View Article: PubMed Central - PubMed

ABSTRACT

Inflammatory maturation of M1 macrophages by proinflammatory stimuli such as toll like receptor ligands results in profound metabolic reprogramming resulting in commitment to aerobic glycolysis as evidenced by repression of mitochondrial oxidative phosphorylation (OXPHOS) and enhanced glucose utilization. In contrast, “alternatively activated” macrophages adopt a metabolic program dominated by fatty acid-fueled OXPHOS. Despite the known importance of these developmental stages on the qualitative aspects of an inflammatory response, relatively little is know regarding the regulation of these metabolic adjustments.

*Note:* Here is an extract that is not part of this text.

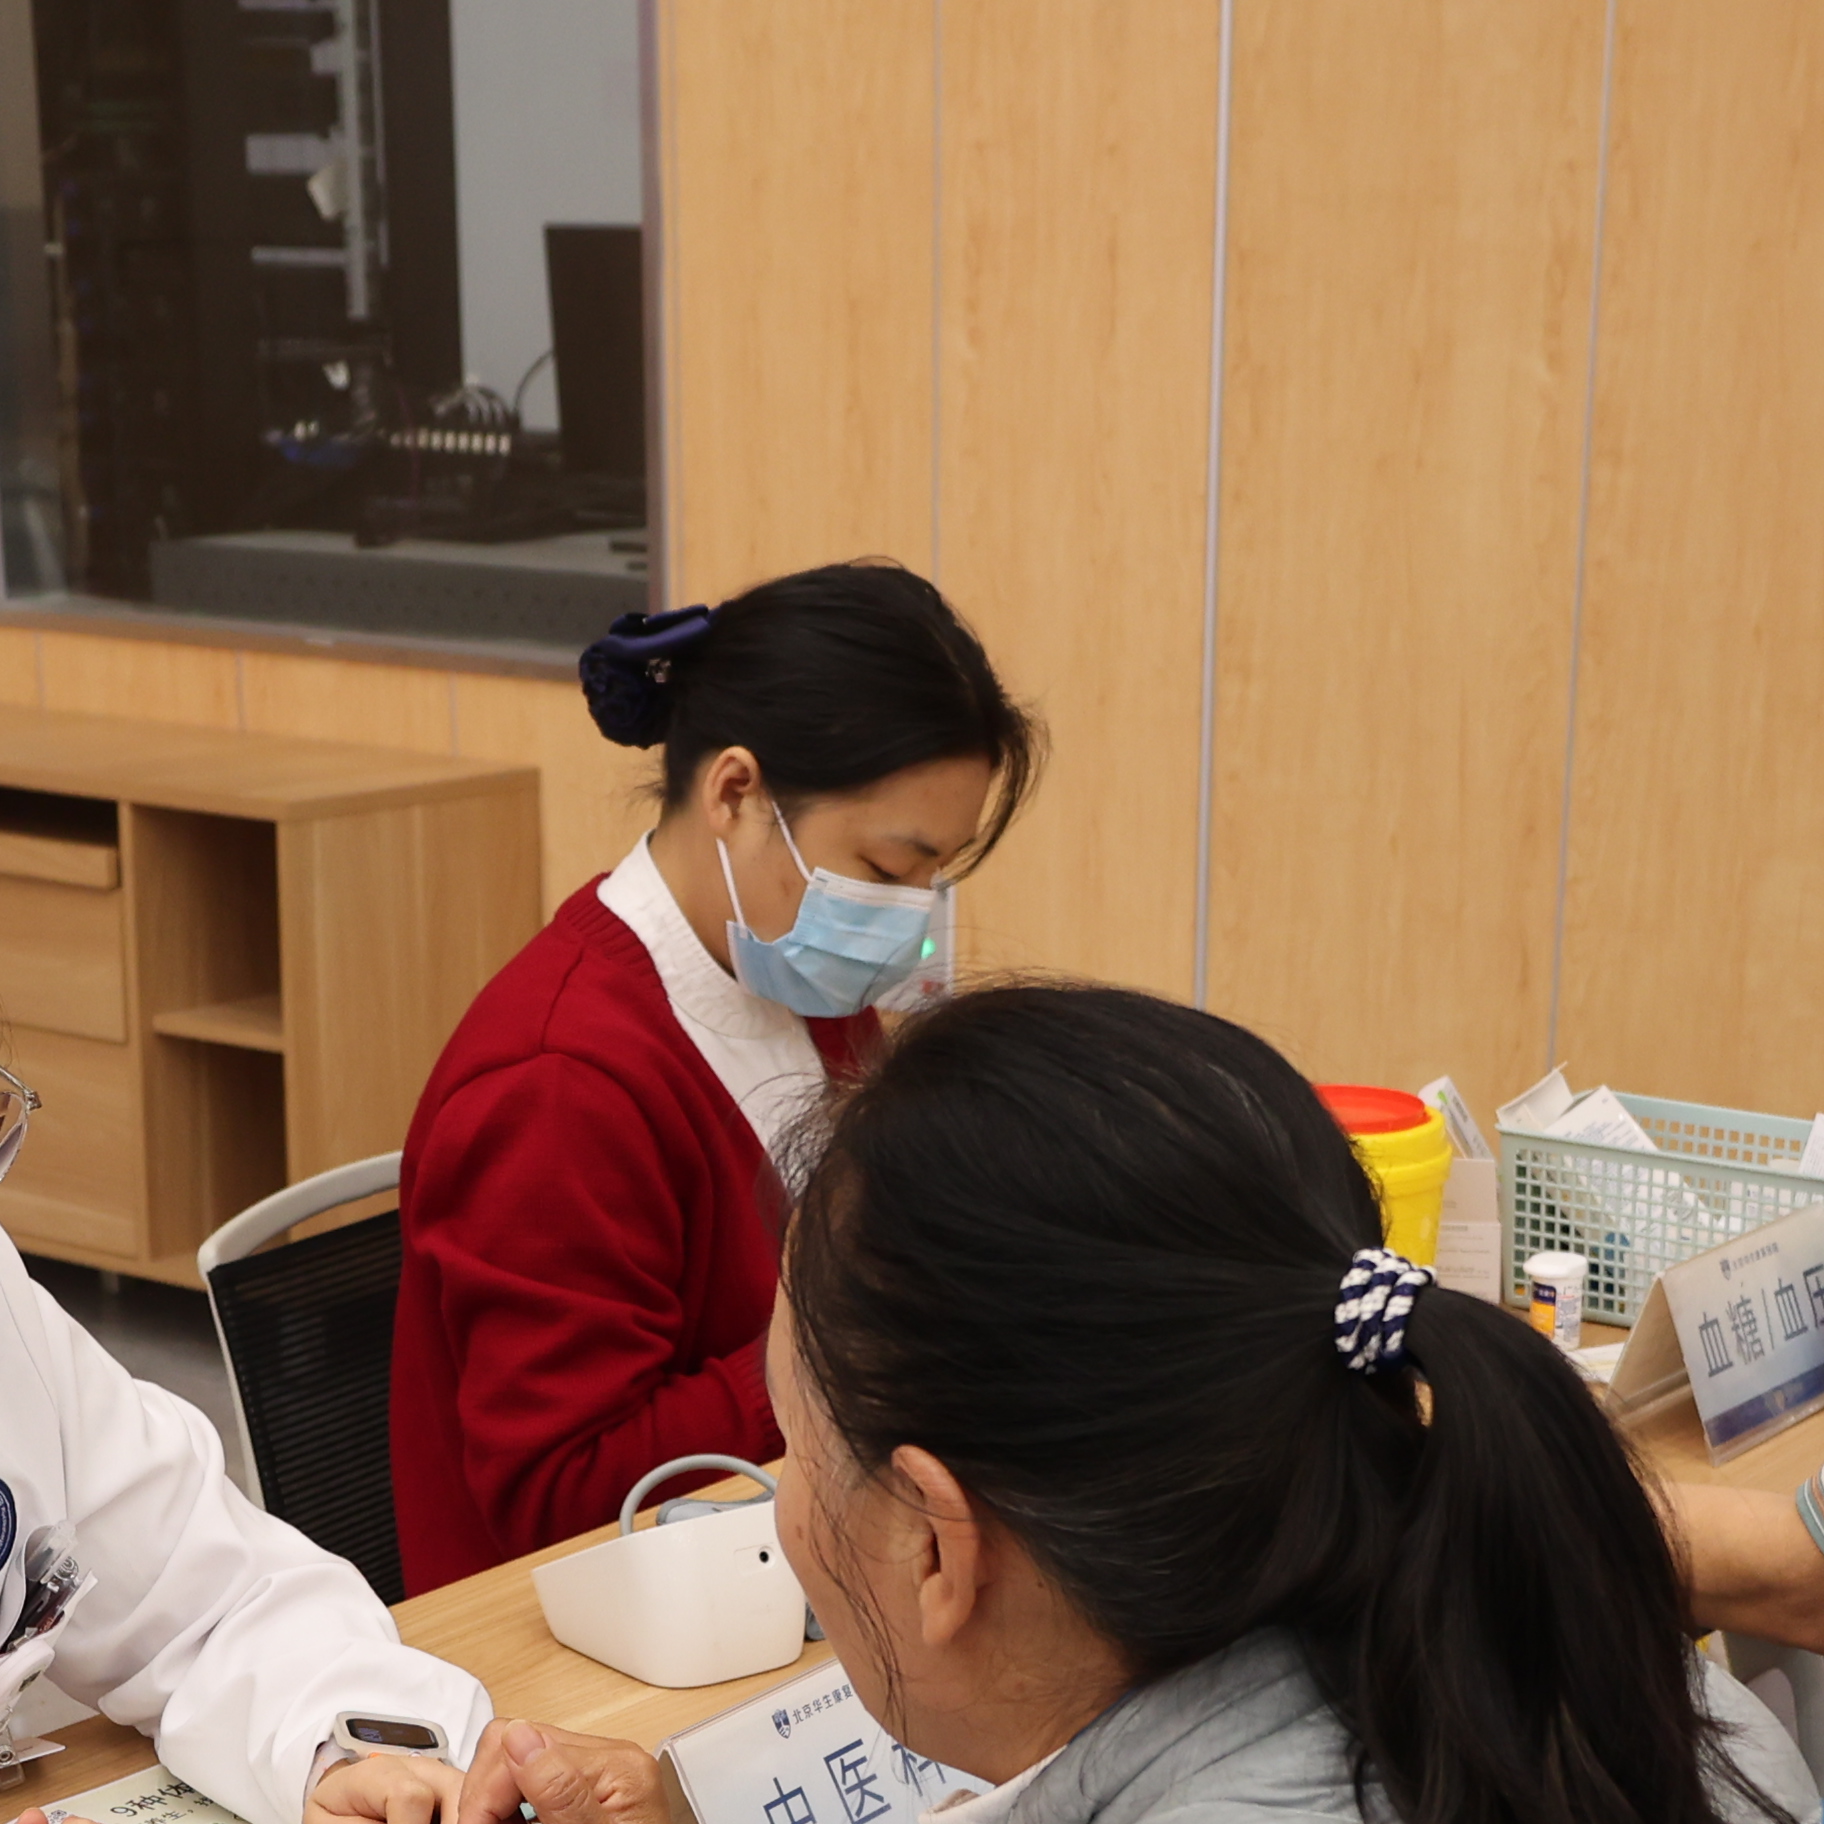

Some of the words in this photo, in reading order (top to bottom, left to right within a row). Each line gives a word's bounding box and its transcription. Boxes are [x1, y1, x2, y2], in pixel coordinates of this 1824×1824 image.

[792, 1684, 854, 1725] 北京华生康复

Here we provide evidence that the immunosuppressive cytokine IL-10 defines a metabolic regulatory loop. Our data show for the first time that lipopolysaccharide (LPS)-induced glycolytic flux controls IL-10-production via regulation of mammalian target of rapamycin (mTOR) and that autocrine IL-10 in turn regulates macrophage nitric oxide (NO) production. Genetic and pharmacological manipulation of IL-10 and nitric oxide (NO) establish that metabolically regulated autocrine IL-10 controls glycolytic commitment by limiting NO-mediated suppression of OXPHOS. Together these data support a model where autocine IL-10 production is controlled by glycolytic flux in turn regulating glycolytic commitment by preserving OXPHOS via suppression of NO. We propose that this IL-10-driven metabolic rheostat maintains metabolic equilibrium during M1 macrophage differentiation and that perturbation of this regulatory loop, either directly by exogenous cellular sources of IL-10 or indirectly via limitations in glucose availability, skews the cellular metabolic program altering the balance between inflammatory and immunosuppressive phenotypes.

No MeSH data available.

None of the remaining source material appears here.